Ukraine accused Russian forces of launching around 70 cruise missiles as well as drones in attacks that left 10 dead and around 50 wounded.

But Russia’s defence ministry denied striking any targets inside Kyiv, insisting that Ukrainian and foreign air defence systems had caused the damage.

“Not a single strike was made on targets within the city of Kyiv,” it said.

Moscow is targeting power facilities in an apparent effort to force capitulation after nine months of war that has seen its forces fail in most of their stated territorial objectives.

“The way they fight and target civil infrastructure, it can cause nothing but fury,” said Oleksiy Yakovlenko, chief administrator at a hospital in Ukraine’s eastern city of Kramatorsk.

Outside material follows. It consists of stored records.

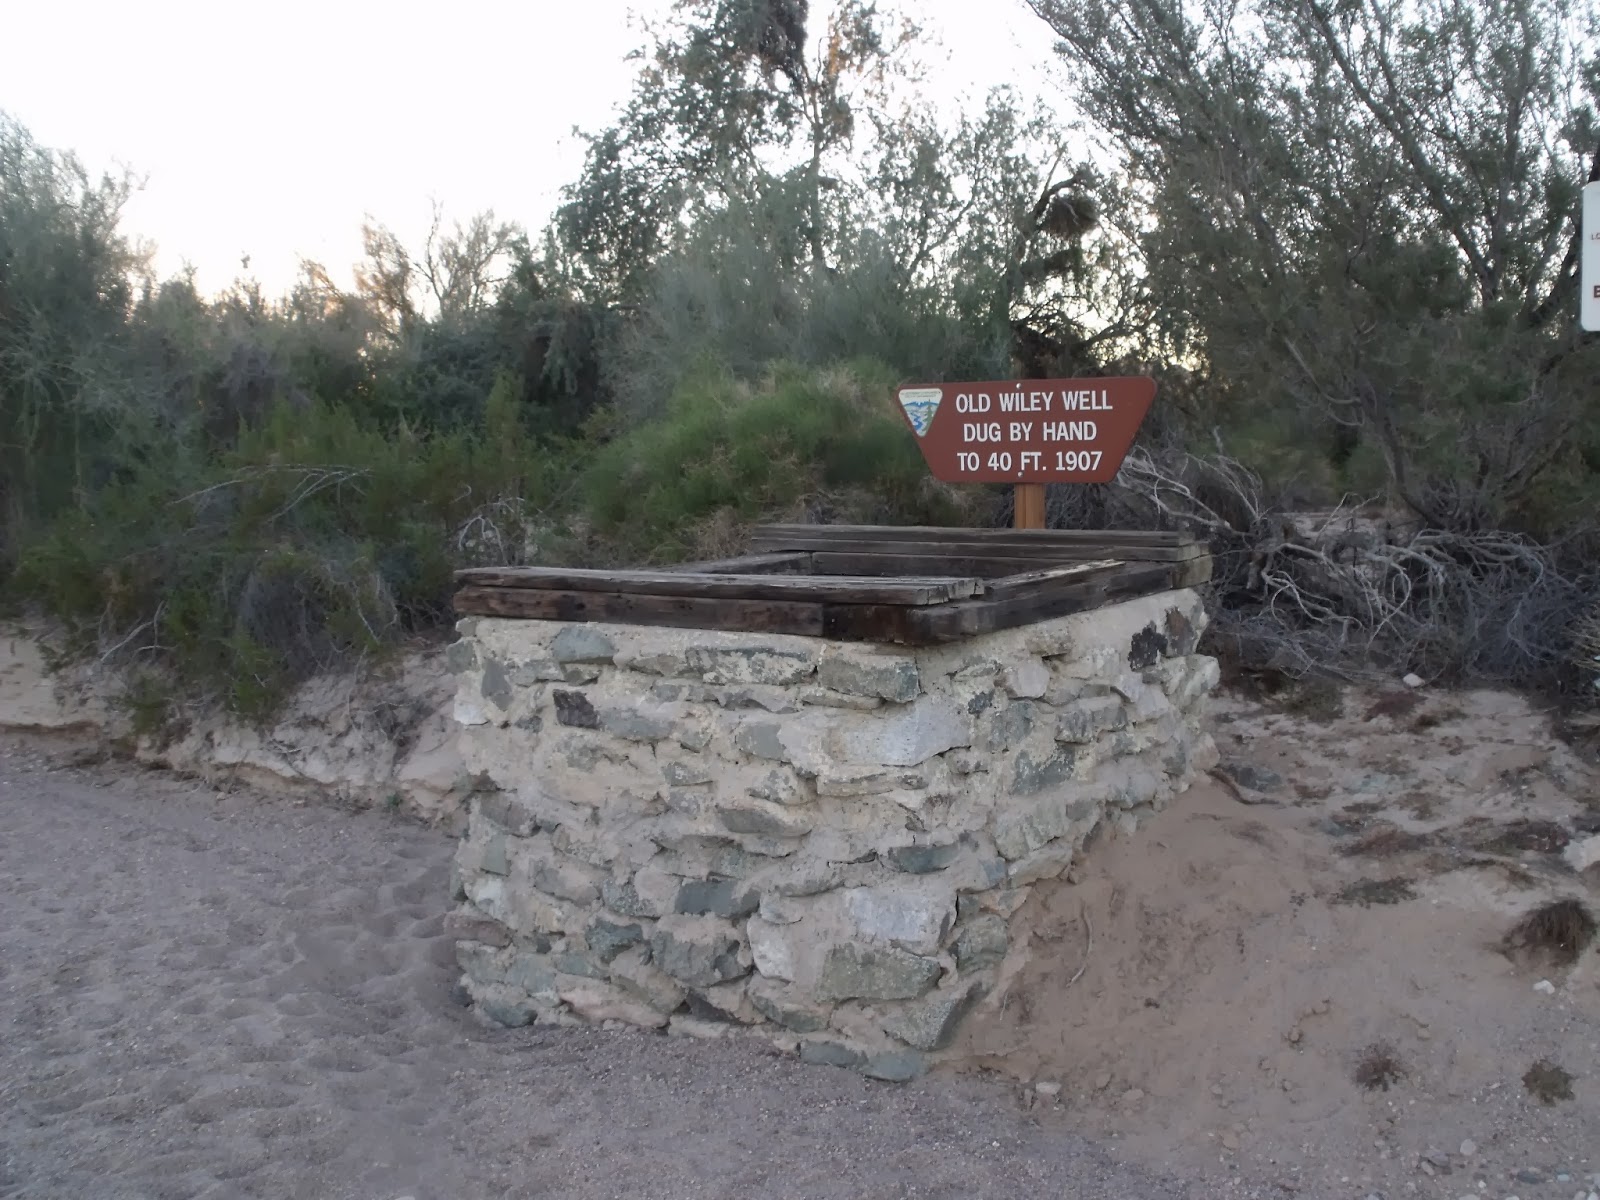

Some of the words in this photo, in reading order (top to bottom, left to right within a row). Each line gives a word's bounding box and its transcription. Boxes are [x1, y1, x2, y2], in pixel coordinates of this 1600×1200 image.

[955, 393, 991, 413] OLD
[999, 392, 1054, 412] WILEY
[1062, 390, 1113, 411] WELL
[963, 423, 1002, 443] DUG
[1009, 422, 1033, 442] BY
[1043, 421, 1097, 441] HAND
[957, 452, 980, 472] TO
[987, 452, 1012, 472] 40
[1020, 452, 1047, 471] FT.
[1055, 450, 1102, 471] 1907

Despite the increasingly frequent blackouts, Yakovlenko said his resolve was unwavering.

“If they expect us to fall on our knees and crawl to them it won’t happen,” Yakovlenko told AFP.

Russian troops have suffered a string of battlefield defeats.

Ukraine’s recapture of Kherson meant a withdrawal from the only regional capital Russia had captured, Moscow’s troops destroying key infrastructure as they retreated.

On Thursday, Yaroslav Yanushevych, head of the Kherson military administration, said Russian strikes there had killed at least four people.

“The Russian invaders opened fire on a residential area with multiple rocket launchers. A large building caught fire,” he said on Telegram.

Ukraine prosecutors also said on Thursday that the authorities had discovered a total of nine torture sites used by the Russians in Kherson, as well as “the bodies of 432 killed civilians”.

Wednesday’s attacks disconnected three Ukrainian nuclear plants automatically from the national grid and triggered blackouts in neighbouring Moldova, where the energy network is linked to Ukraine.

All three nuclear facilities had been reconnected by Thursday morning, said the energy ministry.

Power was nearly entirely back online in ex-Soviet Moldova, where its pro-European president Maia Sandu convened a special meeting of her security council.

The Kremlin said Ukraine was ultimately responsible for the fallout from the strikes and that Kyiv could end the strikes by acquiescing to Russian demands.

Ukraine “has every opportunity to settle the situation, to fulfil Russia’s demands and as a result, end all possible suffering of the civilian population,” spokesman Dmitry Peskov said.

Zelensky said Ukraine’s forces were “preparing to advance” in some areas.

“Almost every hour I receive reports of occupiers’ attacks on Kherson and other communities of the region,” he said.

“Such terror began immediately after the Russian army was forced to flee from Kherson region. This is the revenge of those who lost.”

The Ukrainian leader struck an optimistic tone at the end of his nightly address.

“We have withstood nine months of full-scale war, and Russia has not found a way to break us.”